During the war years, Reginald Roper took control of the club until his death in 1948. It was under his stewardship that the North End Club celebrated its 50th anniversary in 1942 and two of the original thirty-nine members were still alive to celebrate the occasion, Thomas Coomber, the son of George Coomber who had initially set up the East Grinstead Brewery and the club, and Charles Baldwin of Imberhorne Lane. In 1946 Reginald Roper died and his wife Dora and daughter Nancy took over the club. A popular event during the time of the Roper’s was the Rabbit Pie Supper evenings that were given by the Blount family of Imberhorne. Nancy also recalls that on a Sunday morning there used to be a queue of men up to the North End Post Office (21, North End), waiting for the club to open at 12.00, this would be followed by the inevitable squabble over who had the straight glasses and not the ones with handles! The Roper ladies ran the club for two years, Nancy being paid the princely sum of 5/- a week to caretake, clean and serve in the club, before George Davis took over the stewardship in 1949. George Davis remained at the club for two years before being succeeded by Charles Polkington in 1951. Charles Polkington was succeeded in 1956 by Albert Edward Pitt who remained in the position of Steward of the club until his death in 1962.

During this afore mentioned years, the club was very much a male only, working men’s club. The steward and his family resided in the house at the front whilst the club consisted of a long building at the rear that contained a snooker table in the front part with the bar behind where the room narrowed, and the large room at the back with a very high ceiling (formerly the brewery), was used as a darts room. There was a door from the snooker room into the bar and another entrance to the bar was from a passage outside. Toilet facilities (men only) were accessed through this door and down an alleyway at the back, to the side of the darts room. By the mid 1970’s rules had been relaxed and the wives and girlfriends of the members also began to frequent the club. The snooker table was joined by a pool table, the two tables being re-located to the large room at the rear providing a larger bar and social area in the long room where discos were occasionally held.

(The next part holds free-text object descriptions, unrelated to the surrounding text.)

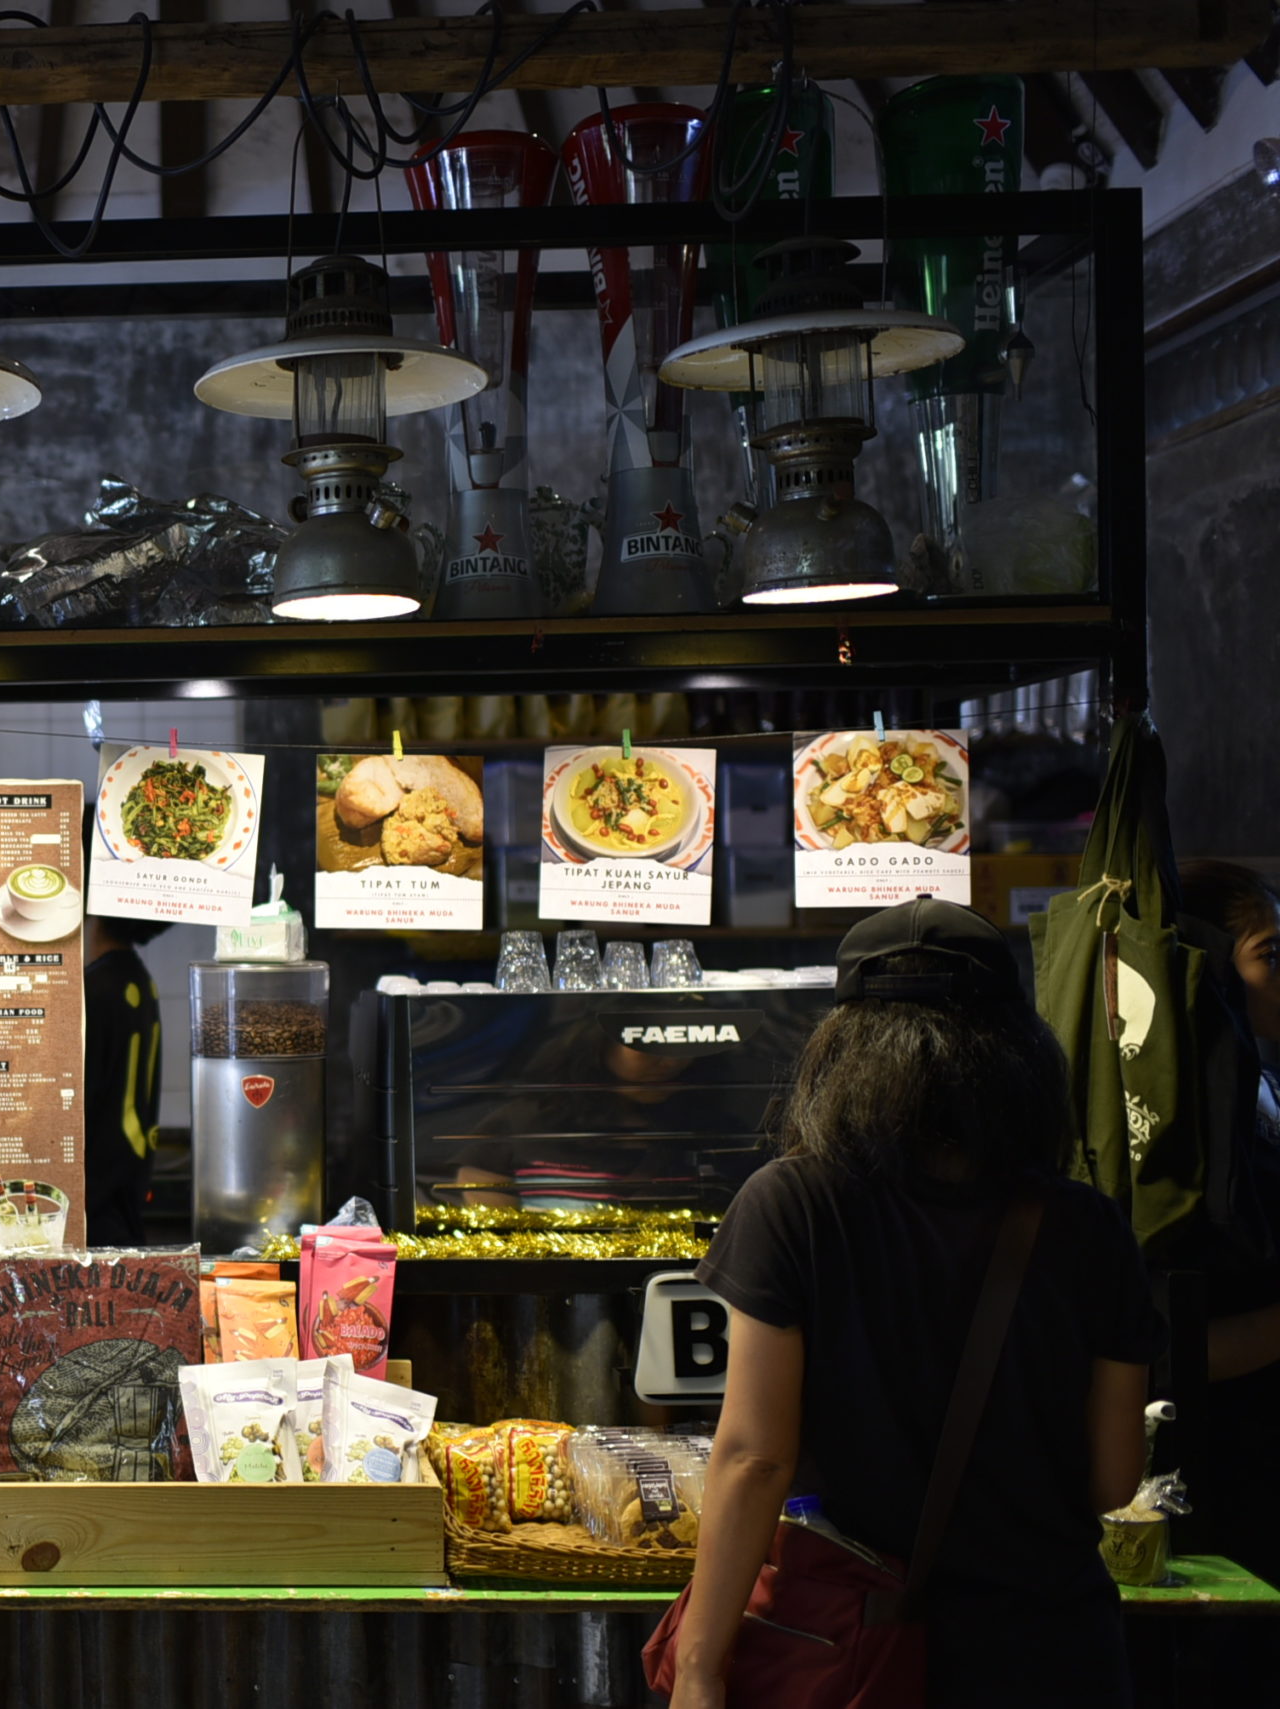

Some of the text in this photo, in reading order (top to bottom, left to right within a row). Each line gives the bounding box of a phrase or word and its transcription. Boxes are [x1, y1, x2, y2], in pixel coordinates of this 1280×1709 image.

[449, 557, 527, 578] BINTANG
[13, 797, 47, 805] DRINK
[834, 856, 934, 866] GADO GADO
[136, 872, 208, 885] SAYUR GONDE
[564, 867, 690, 881] TIPAT KUAH SAYUR
[360, 879, 441, 889] TIPAT TUM
[601, 880, 652, 891] JEPANG
[869, 893, 899, 901] SANUR
[117, 897, 223, 912] WARUNG BHINEKA MUDA
[612, 901, 652, 909] BHINEKA
[154, 907, 183, 916] SANUR
[387, 909, 425, 917] BHINEKA
[35, 954, 60, 962] RICE
[19, 1008, 44, 1016] FOOD
[621, 1025, 740, 1044] FAEMA
[111, 1263, 193, 1312] DJAJA
[66, 1301, 115, 1327] BALI
[340, 1324, 386, 1341] BALADO

In 1959, Bushell, Watkins & Company Ltd, who still held the North End Club, were taken over by Taylor Walker, who in turn was acquired by Ind Coope (London) Ltd on 1st October 1962. Throughout all these take-overs, Bushell, Watkins & Company Ltd continued to brew until they went into voluntary liquidation on 19th July 1961, although the Black Eagle brewery continued to brew beer for Ind Coope for a further three years before finally ceasing on 3rd March 1965.

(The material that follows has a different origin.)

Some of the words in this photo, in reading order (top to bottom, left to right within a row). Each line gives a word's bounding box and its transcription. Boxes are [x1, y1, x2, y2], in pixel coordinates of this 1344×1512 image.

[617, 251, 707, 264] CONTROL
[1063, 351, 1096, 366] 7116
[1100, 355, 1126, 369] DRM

It has not yet been possible to determine how all these take-overs by different breweries affected the North End Club, but it remained open and active until October 1987 when fire wrecked the interior of the building shortly before completion of a refurbishment. The club remained closed after the fire and over the years became a derelict and dangerous building. At the time of the fire the club was the property of a registered Friendly Society held by three trustees whose names and whereabouts had become forgotten after thirteen years. In 2000 they were traced and in the summer of 2006, the property was put up for sale, affording an opportunity to view. The following is a description of 32 and 33 North End in 2006:

House
Front Reception Room: 19ft 3ins (5.9m) by 14ft (4.3m) [once two rooms]
Back kitchen: 12ft (3.7m) by 14ft (4.3m)
Basement: 18ft (5.5m) by 11ft 9ins (3.6m)

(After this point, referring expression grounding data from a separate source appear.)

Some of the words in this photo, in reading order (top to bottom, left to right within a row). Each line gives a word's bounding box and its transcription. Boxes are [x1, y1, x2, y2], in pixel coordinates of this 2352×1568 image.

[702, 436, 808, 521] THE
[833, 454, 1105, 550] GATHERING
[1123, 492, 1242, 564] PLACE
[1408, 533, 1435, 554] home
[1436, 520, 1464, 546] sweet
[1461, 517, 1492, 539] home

First Floor reached by a central staircase rising from the front reception room:
Bedroom 1: 13ft 9ins (4.2m) by 11ft (3.4m)
Bedroom 2: 13ft 9ins (4.2m) by 8ft 9ins (2.7m) [extending over a vehicular entrance on the north side of the property].
Bathroom: 10ft 7ins (3.3m) by 5ft (1.5m) [taken out of one of the bedrooms]

Club
Long section: 55ft 6ins (17.1m) by 20ft 3ins (6.2m) opening to 22ft (6.8m) [original width: 15ft 3ins (5.8m)]
Rear section: 22ft 3ins (6.8m) by 21ft 9ins (6.7m)
Lean-to on north side: 28ft (8.6m) by 7ft 3ins (2.2m) [bottled beer store]
Brick outbuilding 25ft 6ins (7.8m) by 5ft 6ins (1.7m) [beer keg store]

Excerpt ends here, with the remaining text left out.